__REQUIRED ACTION__
From the line with "Some of the text" through the final line, please write out the listing exactly, including both of those lines.
-- Opening Marker --
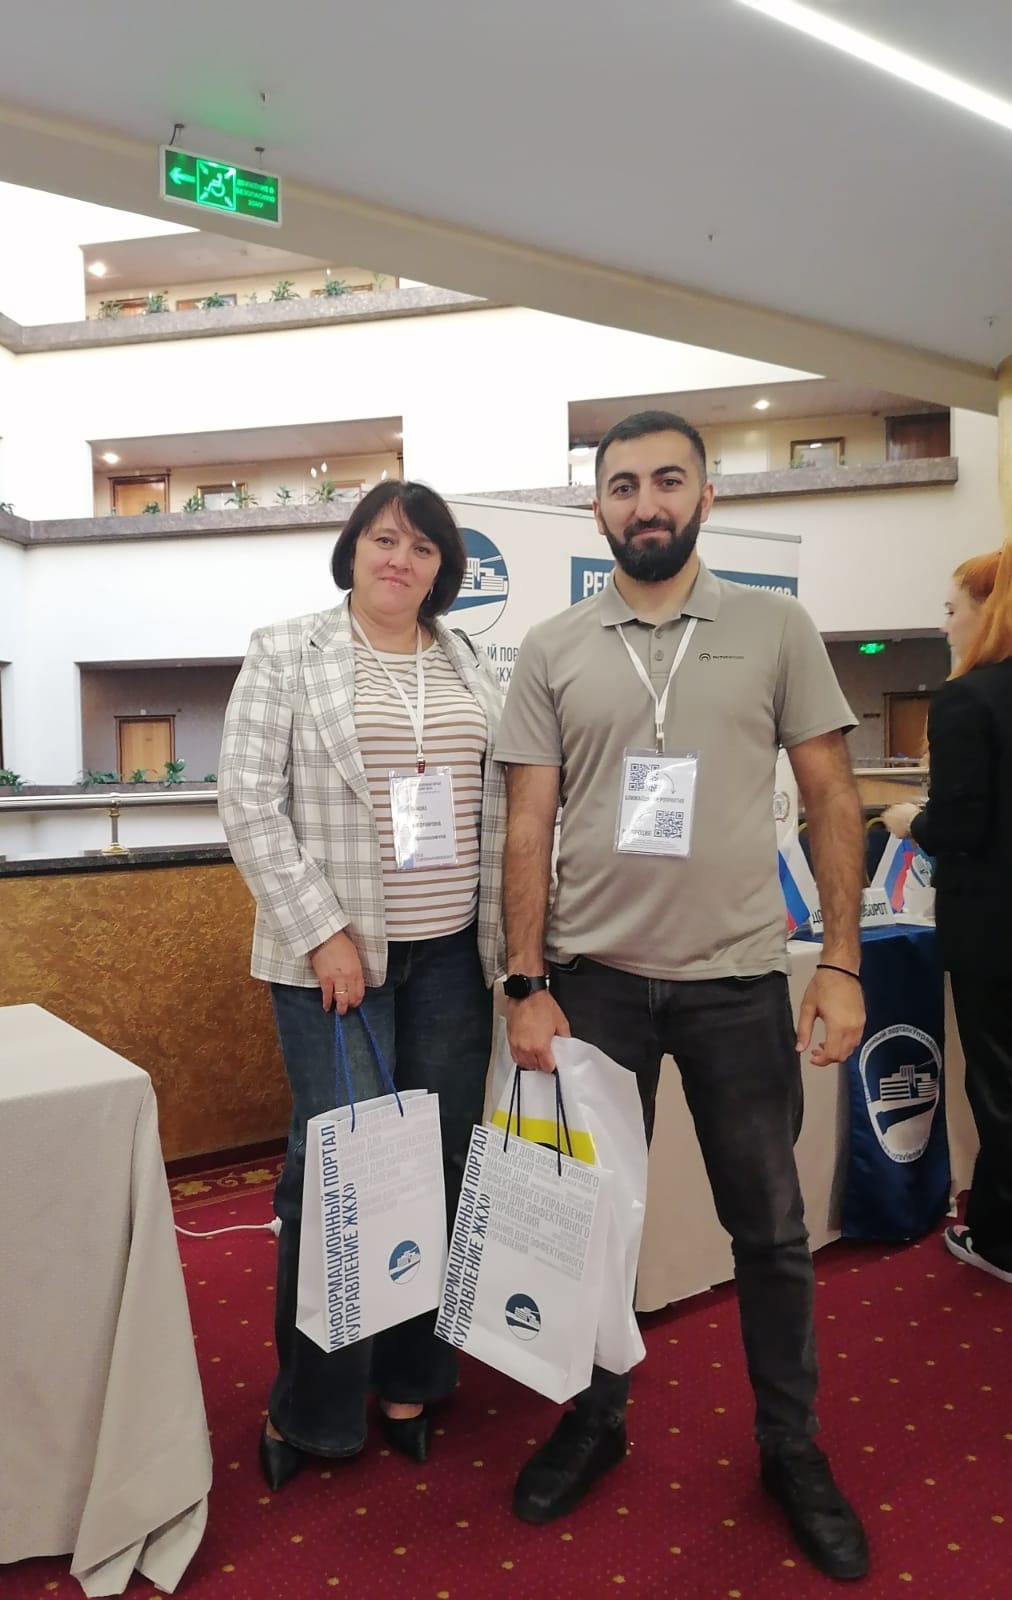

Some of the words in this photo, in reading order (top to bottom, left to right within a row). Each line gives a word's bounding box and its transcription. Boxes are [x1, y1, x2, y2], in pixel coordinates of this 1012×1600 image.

[321, 1124, 339, 1187] ПОРТАЛ
[465, 1126, 488, 1186] ПОРТАЛ
[321, 1189, 345, 1350] ИНФОРМАЦИОННЫЙ
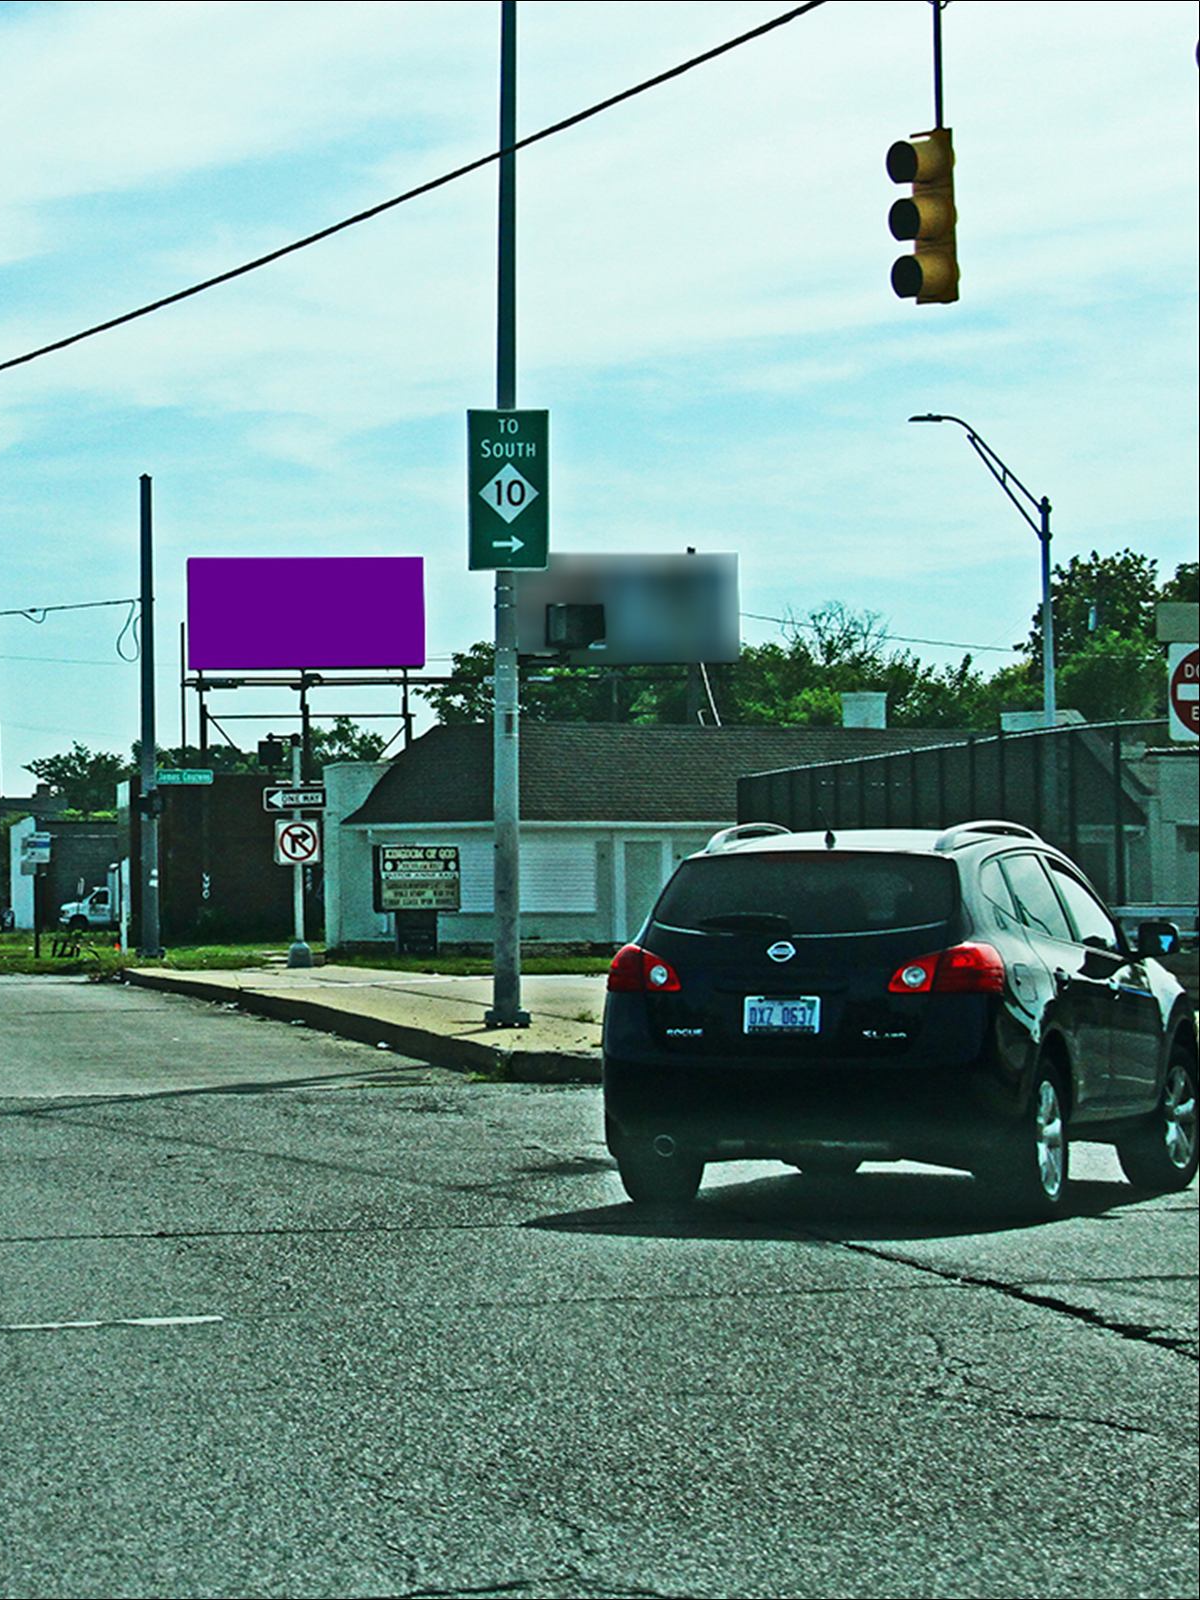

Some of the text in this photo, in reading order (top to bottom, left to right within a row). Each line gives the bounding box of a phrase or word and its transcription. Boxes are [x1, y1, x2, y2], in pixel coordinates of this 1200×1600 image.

[498, 418, 519, 434] TO
[480, 438, 536, 458] SOUTH
[494, 479, 526, 507] 10
[281, 794, 320, 803] ONE WAY
[781, 1006, 815, 1025] 0637
-- Closing Marker --
__EXERCISE ANSWER__
Some of the text in this photo, in reading order (top to bottom, left to right within a row). Each line gives the bounding box of a phrase or word and its transcription. Boxes are [x1, y1, x2, y2], in pixel coordinates of this 1200×1600 image.

[498, 418, 519, 434] TO
[480, 438, 536, 458] SOUTH
[494, 479, 526, 507] 10
[281, 794, 320, 803] ONE WAY
[781, 1006, 815, 1025] 0637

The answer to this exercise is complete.